In an attempt to analyze the ability of HSP70 to induce a KMP11-specific cytotoxic response, we studied the presence of cytotoxic T lymphocytes (CTLs) in C57BL/6-A2.1/Kb transgenic mice immunized with DNA plasmids. Cells were cultured in complete medium consisting of Dulbecco's modified Eagle medium (Gibco BRL) supplemented with 10% fetal calf serum (Life Technologies), 2 mM l-glutamine (Gibco BRL), 50 μM 2-mercaptoethanol (Sigma), 100 IU of penicillin (Sigma)/ml, and 100 μg of streptomycin (Sigma)/ml. Ten units of recombinant murine interleukin-10 (Boehringer Mannheim)/ml was added for the cytotoxicity assays. KMP11-specific peptides (Fig. 4A) containing theoretically estimated A2.1 binding motifs (17) were tested using spleen cells from the immunized mice. Two weeks after the last immunization, pooled splenocytes from two mice per group were stimulated in vitro with EL4-A2.1/Kb cells loaded separately with peptide K1, K2, K3, or K4. An EL4-A2.1/Kb cell line, expressing the product of the HLA-A2.1/Kb chimeric gene (32), was grown in the presence of 400 μg of G418 sulfate (Sigma)/ml.
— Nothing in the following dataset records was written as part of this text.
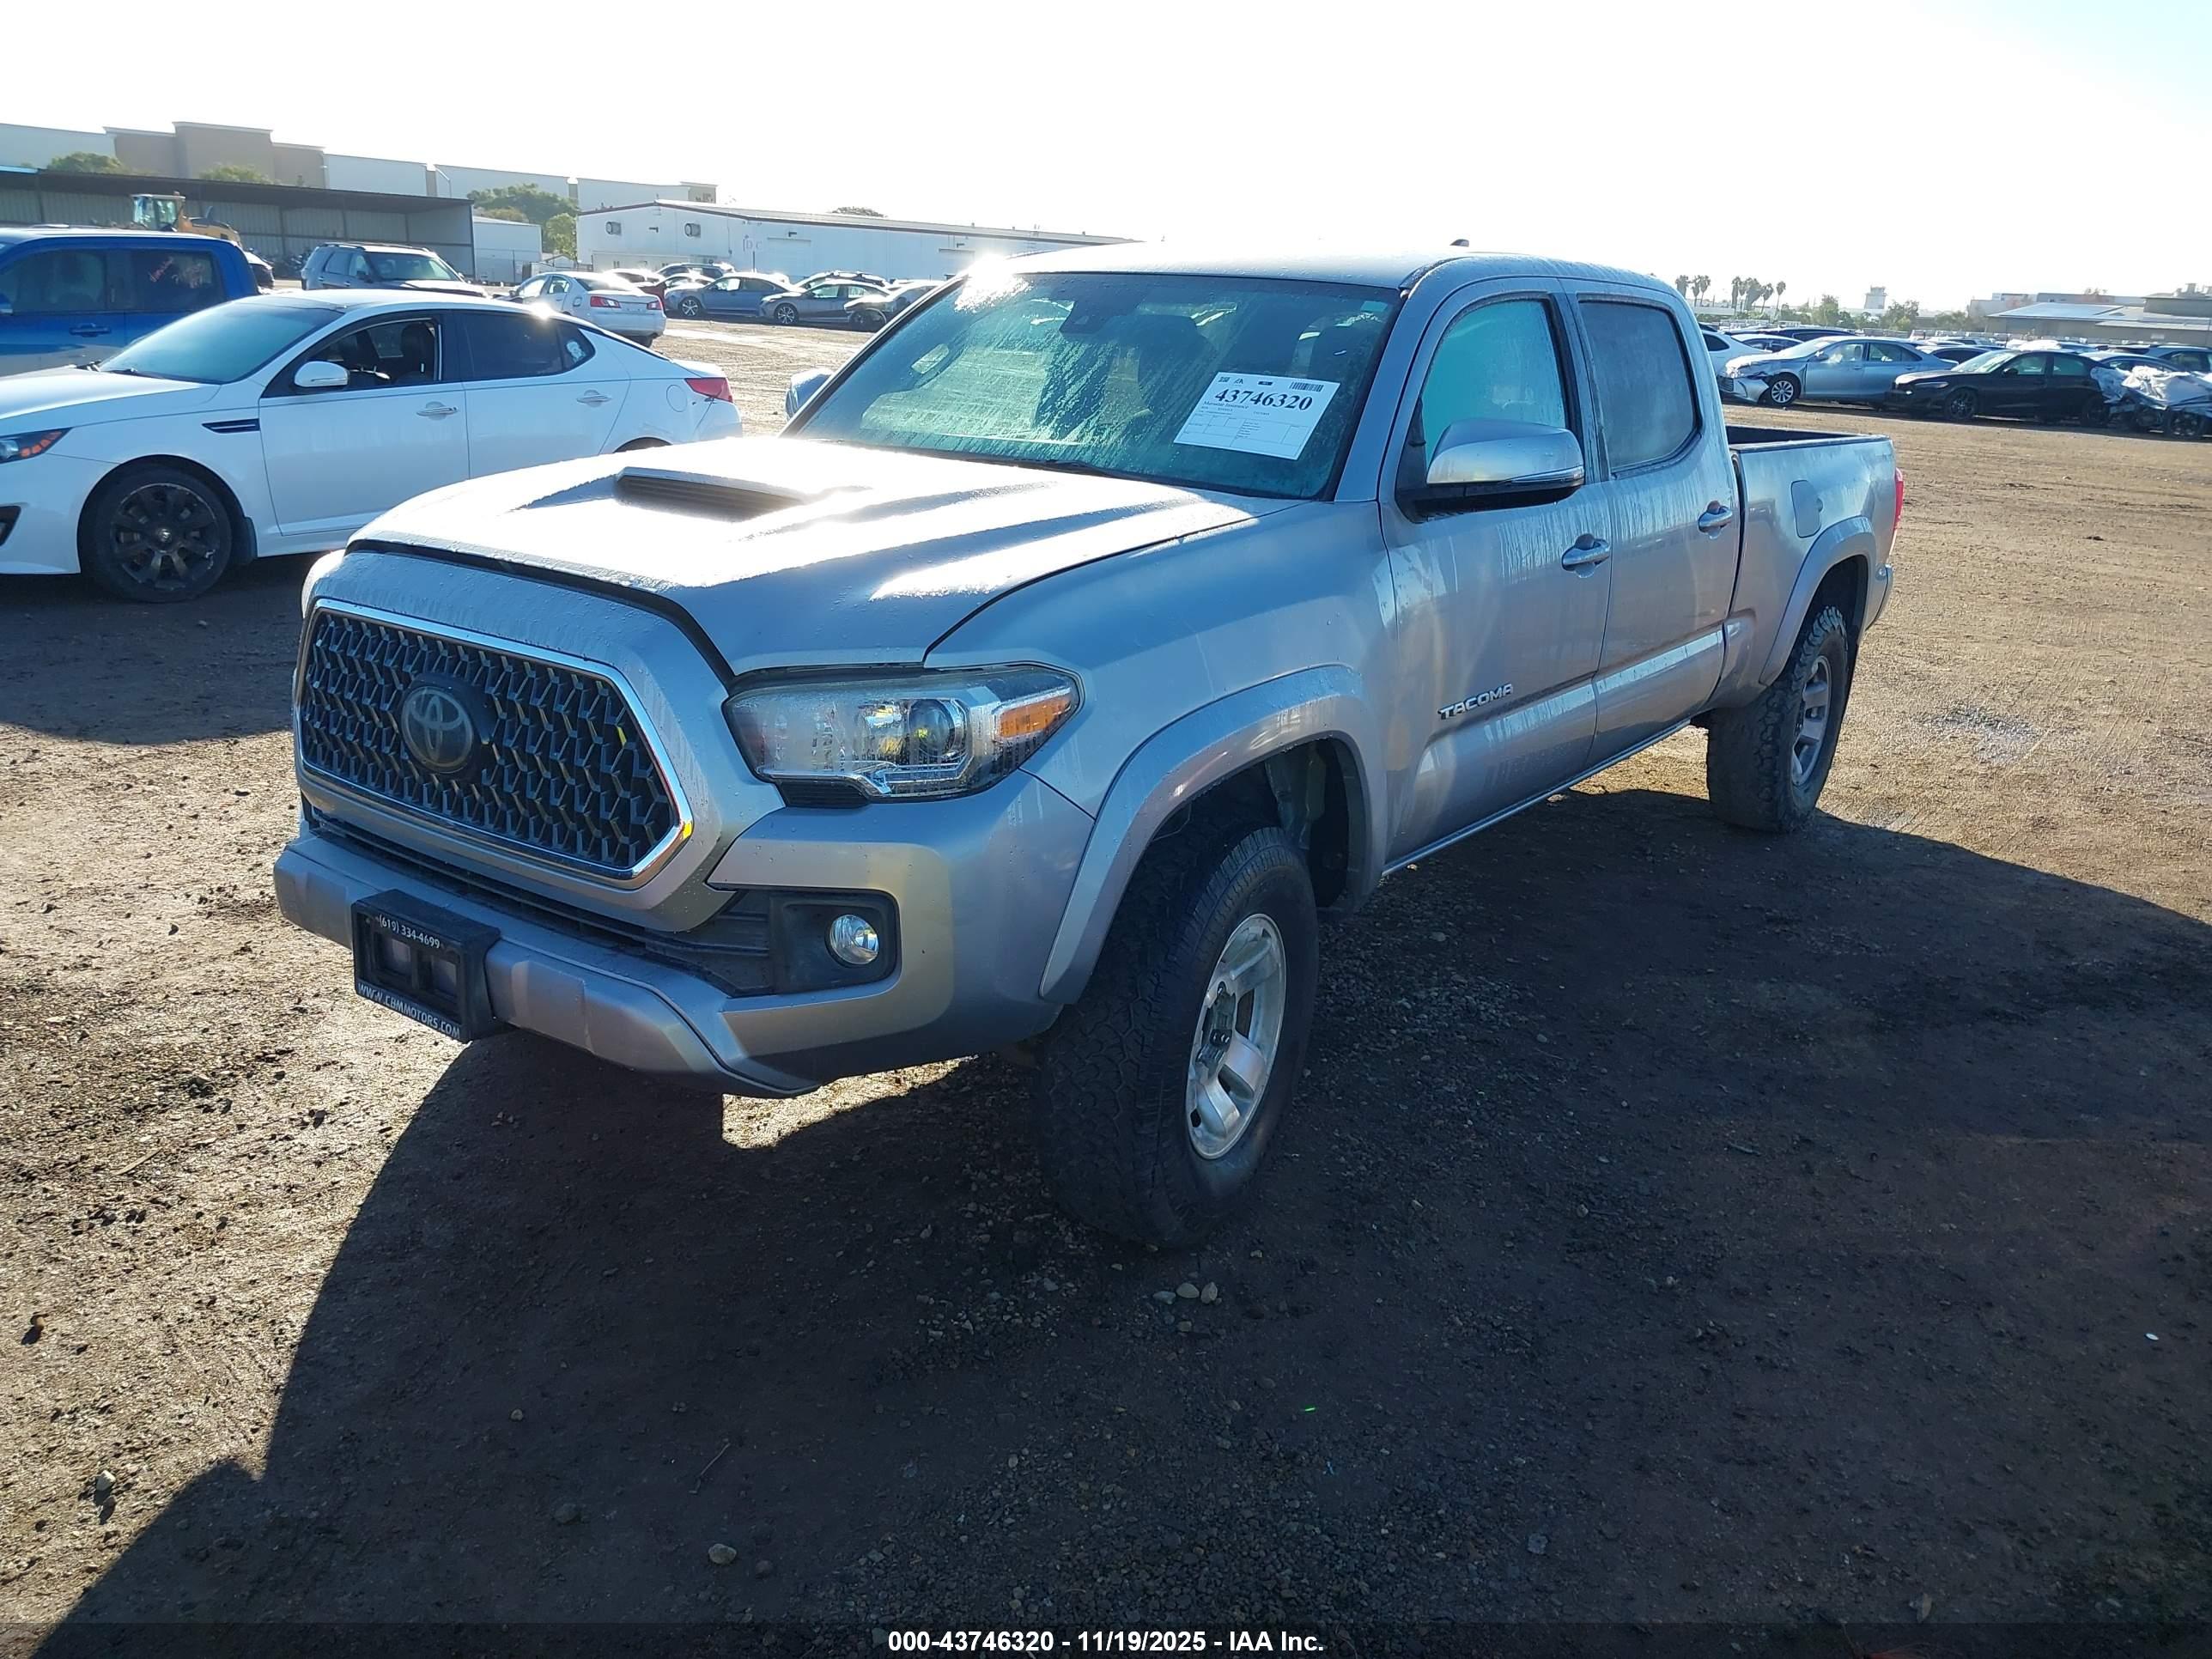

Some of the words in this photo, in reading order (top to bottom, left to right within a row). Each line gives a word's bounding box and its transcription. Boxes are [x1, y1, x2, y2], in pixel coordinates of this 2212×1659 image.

[1214, 388, 1313, 410] 43746320
[1438, 684, 1514, 720] TACOMA
[378, 914, 399, 933] (619)
[401, 924, 441, 949] 334-4699
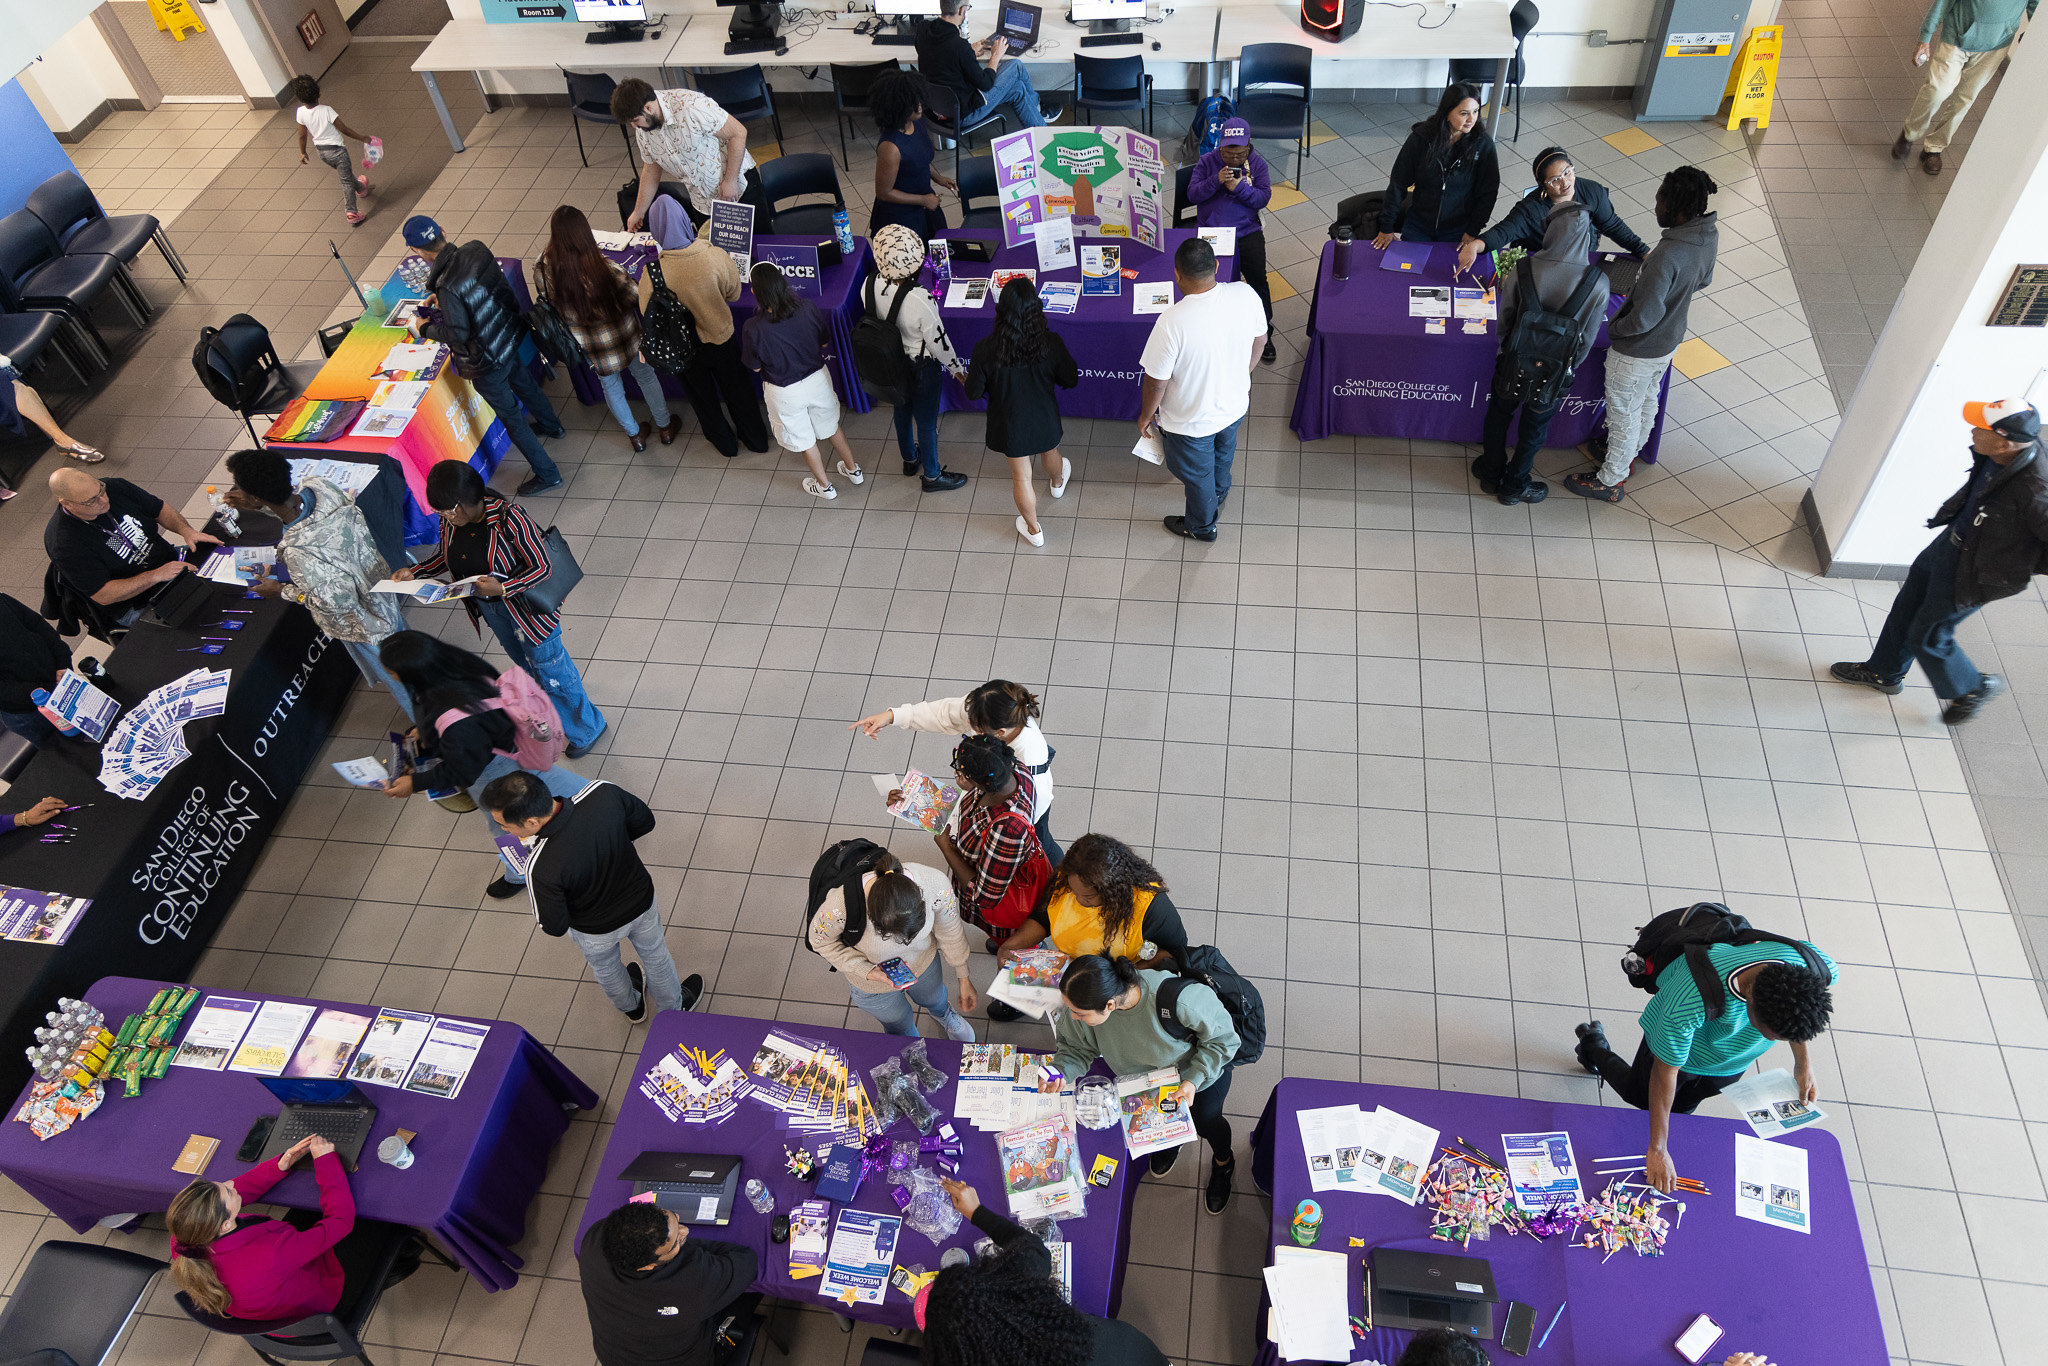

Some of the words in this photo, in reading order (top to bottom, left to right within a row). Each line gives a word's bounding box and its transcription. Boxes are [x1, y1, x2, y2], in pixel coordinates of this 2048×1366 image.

After 6 days of stimulation, a classical chromium assay was carried out. The results are shown in Fig. 4B. CTL activity with specificity towards the EL4-A2.1/Kb target cells loaded with the K1 and K4 peptides (60 and 55%, respectively) was observed only in the mice immunized with the plasmid containing the KMP11-HSP70 fused genes. Analysis of the surface phenotype of the generated CTL lines, observed after two in vitro restimulations, showed it to be composed of CD8+ cells (results not shown). This A2.1-restricted cytotoxic response is very relevant, since the HLA-A2 allele is the most common HLA type in sera from people living in areas where Chagas' disease is endemic (13).

FIG. 4.

FIG. 4

KMP11 peptide-specific CTL response. (A) KMP11 deduced amino acid sequence and composition of synthesized peptides containing theoretically estimated A2 union motifs (17). The asterisk indicates the protein stop codon. The positions of the designed A2 peptides K1, K2, K3, and K4 are marked. (B) KMP11 peptide-specific CTLs elicited after immunization with the DNA vector carrying the KMP11-HSP70 fusion. Spleens from C57BL/6-A2.1/Kb mice immunized with saline solution (□) or the pCMV4 (∗), pCMV4.11 (▵), and pCMV4.11.70 (⧫) vectors were removed 2 weeks after the last immunization. Splenocytes were used as effector cells after being incubated for 6 days with EL4-A2.1/Kb cells treated with 50 μg of mitomycin/ml and loaded separately with each of the four KMP11 A2 peptides. CTL activity was measured against EL4-A2.1/Kb cells pulsed with or without each one of the respective peptides by a standard 51Cr release assay (19). Each panel corresponds to results with one A2 peptide. The level of lysis of EL4-A2.1/Kb cells in the absence of peptide was <5% for all groups (data not shown). Specific lysis was calculated using the following formula: percent specific lysis = (experimental release [cpm] − spontaneous release [cpm]/(total release [cpm] − spontaneous release [cpm] × 100), where cpm is counts per minute. Spontaneous release represents the counts obtained when the target cells were incubated in culture medium without effectors, and total release was obtained after treatment of target cells with 2.5% Triton X-100. Experiments with more than 20% spontaneous lysis were discarded. Data are representative of results with three mice per group.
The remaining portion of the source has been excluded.